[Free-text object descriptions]
* * * * *

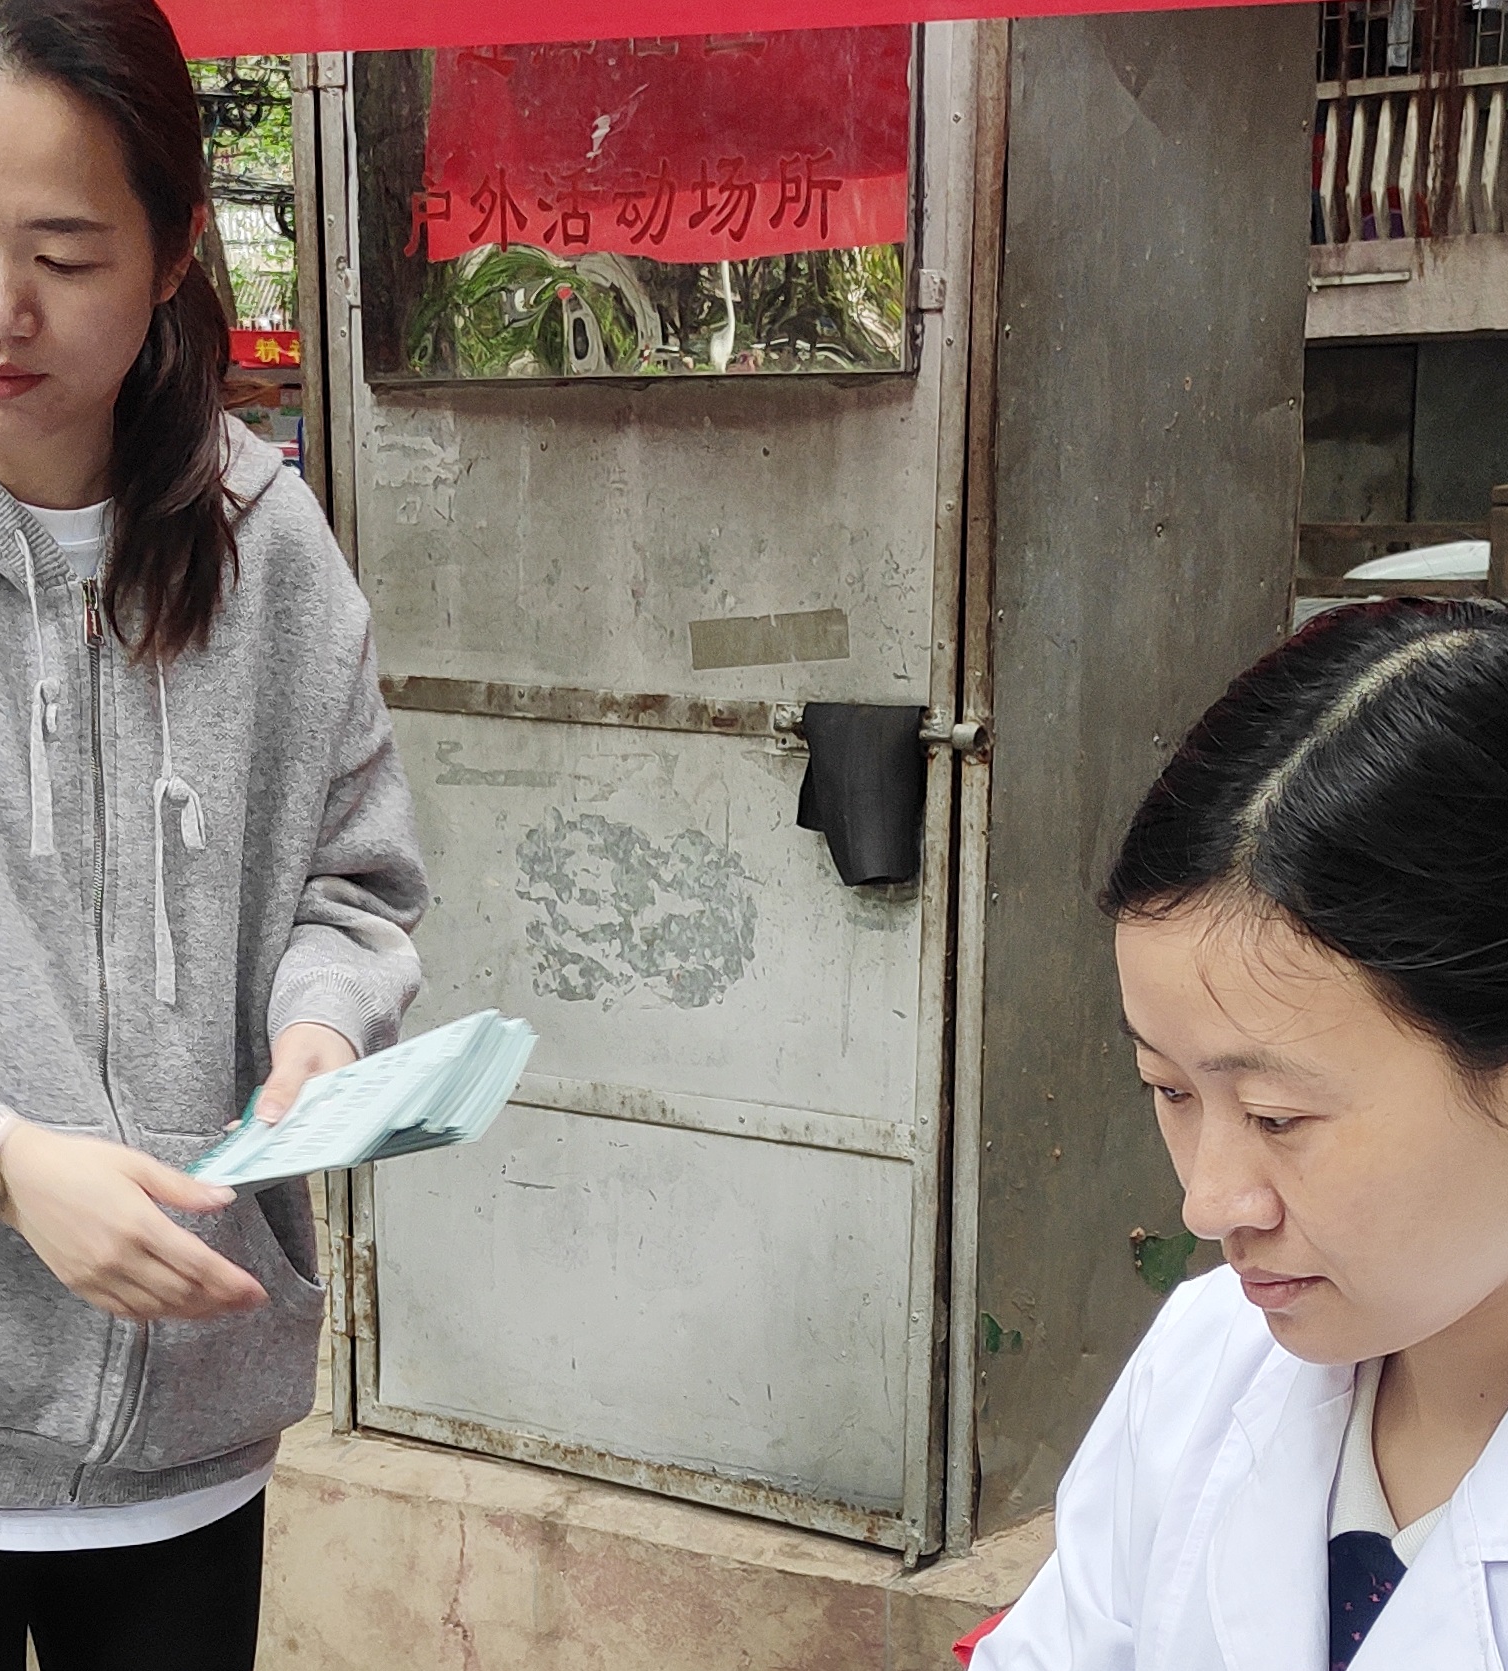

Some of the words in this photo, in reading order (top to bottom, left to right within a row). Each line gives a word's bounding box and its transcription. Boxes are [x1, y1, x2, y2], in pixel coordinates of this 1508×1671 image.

[403, 147, 843, 258] 户外活动场所
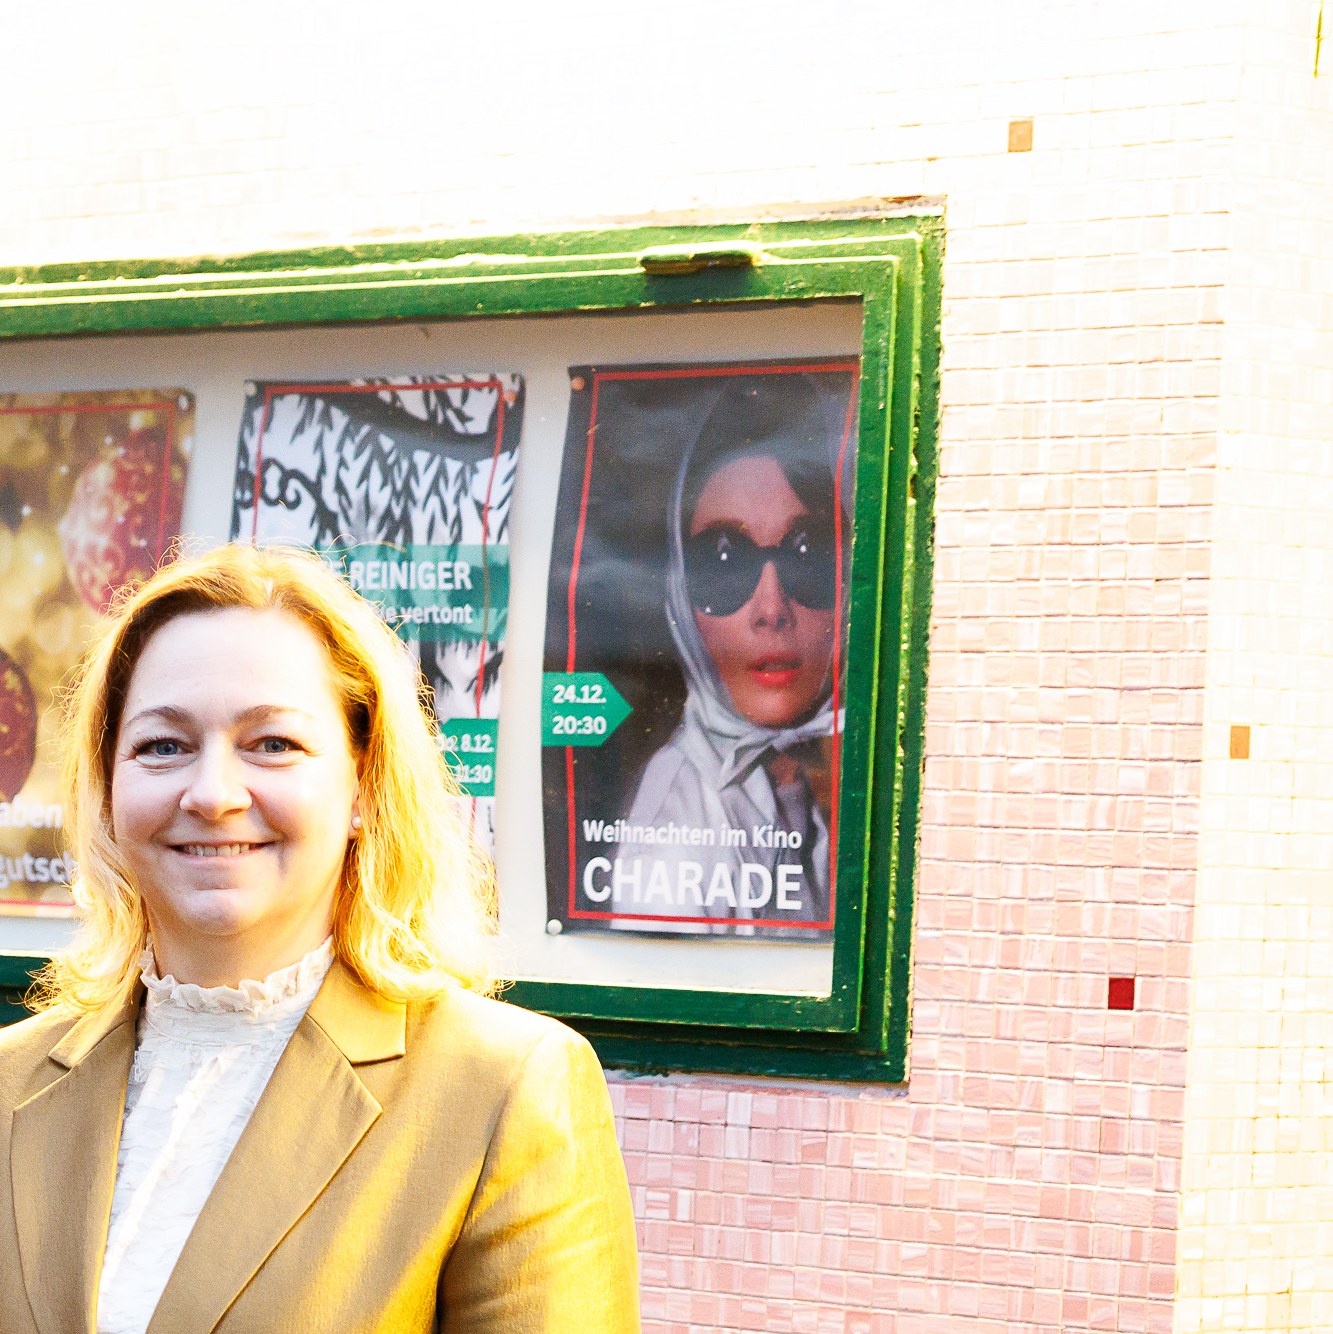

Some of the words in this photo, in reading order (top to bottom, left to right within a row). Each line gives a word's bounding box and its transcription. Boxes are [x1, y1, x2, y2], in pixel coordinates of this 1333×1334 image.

[349, 561, 473, 590] REINIGER
[400, 604, 473, 624] vertont
[552, 684, 607, 703] 24.12.
[552, 715, 607, 735] 20:30
[461, 734, 494, 753] 8.12.
[583, 819, 715, 846] Weihnachten
[720, 823, 747, 848] im
[752, 825, 802, 849] Kino
[583, 857, 803, 910] CHARADE

* * * * *

_About this task_: From the line with "this 1333×1334 image." to the final line of the data above, please reproduce every line exactly and add nothing.

_Exercise result_:
Some of the words in this photo, in reading order (top to bottom, left to right within a row). Each line gives a word's bounding box and its transcription. Boxes are [x1, y1, x2, y2], in pixel coordinates of this 1333×1334 image.

[349, 561, 473, 590] REINIGER
[400, 604, 473, 624] vertont
[552, 684, 607, 703] 24.12.
[552, 715, 607, 735] 20:30
[461, 734, 494, 753] 8.12.
[583, 819, 715, 846] Weihnachten
[720, 823, 747, 848] im
[752, 825, 802, 849] Kino
[583, 857, 803, 910] CHARADE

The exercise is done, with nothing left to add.